Phrase grounding data:
────

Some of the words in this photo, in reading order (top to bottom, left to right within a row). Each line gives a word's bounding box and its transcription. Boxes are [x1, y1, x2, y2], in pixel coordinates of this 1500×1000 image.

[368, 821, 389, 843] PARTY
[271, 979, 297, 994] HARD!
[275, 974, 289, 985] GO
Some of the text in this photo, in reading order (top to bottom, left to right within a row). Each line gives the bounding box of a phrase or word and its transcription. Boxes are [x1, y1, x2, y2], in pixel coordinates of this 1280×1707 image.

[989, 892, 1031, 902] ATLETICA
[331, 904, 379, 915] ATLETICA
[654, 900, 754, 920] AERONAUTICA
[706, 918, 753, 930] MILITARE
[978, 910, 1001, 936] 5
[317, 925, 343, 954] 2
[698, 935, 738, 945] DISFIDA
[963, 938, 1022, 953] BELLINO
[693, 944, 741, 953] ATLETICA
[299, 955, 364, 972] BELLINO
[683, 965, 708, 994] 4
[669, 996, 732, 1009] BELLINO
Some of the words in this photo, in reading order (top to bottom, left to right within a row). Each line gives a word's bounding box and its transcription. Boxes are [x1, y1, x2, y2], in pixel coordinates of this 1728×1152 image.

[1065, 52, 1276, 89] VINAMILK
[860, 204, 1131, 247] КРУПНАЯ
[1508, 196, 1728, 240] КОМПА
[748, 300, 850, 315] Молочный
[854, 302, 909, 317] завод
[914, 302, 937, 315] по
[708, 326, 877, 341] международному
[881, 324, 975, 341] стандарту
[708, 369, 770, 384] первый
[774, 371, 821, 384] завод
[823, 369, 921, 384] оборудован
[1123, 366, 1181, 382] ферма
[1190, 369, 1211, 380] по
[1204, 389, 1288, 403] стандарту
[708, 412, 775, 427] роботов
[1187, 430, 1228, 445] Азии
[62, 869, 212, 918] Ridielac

────

Activity:
Go through the records and set each one down again, unchanged.

Task solution:
Some of the words in this photo, in reading order (top to bottom, left to right within a row). Each line gives a word's bounding box and its transcription. Boxes are [x1, y1, x2, y2], in pixel coordinates of this 1500×1000 image.

[368, 821, 389, 843] PARTY
[271, 979, 297, 994] HARD!
[275, 974, 289, 985] GO
Some of the text in this photo, in reading order (top to bottom, left to right within a row). Each line gives the bounding box of a phrase or word and its transcription. Boxes are [x1, y1, x2, y2], in pixel coordinates of this 1280×1707 image.

[989, 892, 1031, 902] ATLETICA
[331, 904, 379, 915] ATLETICA
[654, 900, 754, 920] AERONAUTICA
[706, 918, 753, 930] MILITARE
[978, 910, 1001, 936] 5
[317, 925, 343, 954] 2
[698, 935, 738, 945] DISFIDA
[963, 938, 1022, 953] BELLINO
[693, 944, 741, 953] ATLETICA
[299, 955, 364, 972] BELLINO
[683, 965, 708, 994] 4
[669, 996, 732, 1009] BELLINO
Some of the words in this photo, in reading order (top to bottom, left to right within a row). Each line gives a word's bounding box and its transcription. Boxes are [x1, y1, x2, y2], in pixel coordinates of this 1728×1152 image.

[1065, 52, 1276, 89] VINAMILK
[860, 204, 1131, 247] КРУПНАЯ
[1508, 196, 1728, 240] КОМПА
[748, 300, 850, 315] Молочный
[854, 302, 909, 317] завод
[914, 302, 937, 315] по
[708, 326, 877, 341] международному
[881, 324, 975, 341] стандарту
[708, 369, 770, 384] первый
[774, 371, 821, 384] завод
[823, 369, 921, 384] оборудован
[1123, 366, 1181, 382] ферма
[1190, 369, 1211, 380] по
[1204, 389, 1288, 403] стандарту
[708, 412, 775, 427] роботов
[1187, 430, 1228, 445] Азии
[62, 869, 212, 918] Ridielac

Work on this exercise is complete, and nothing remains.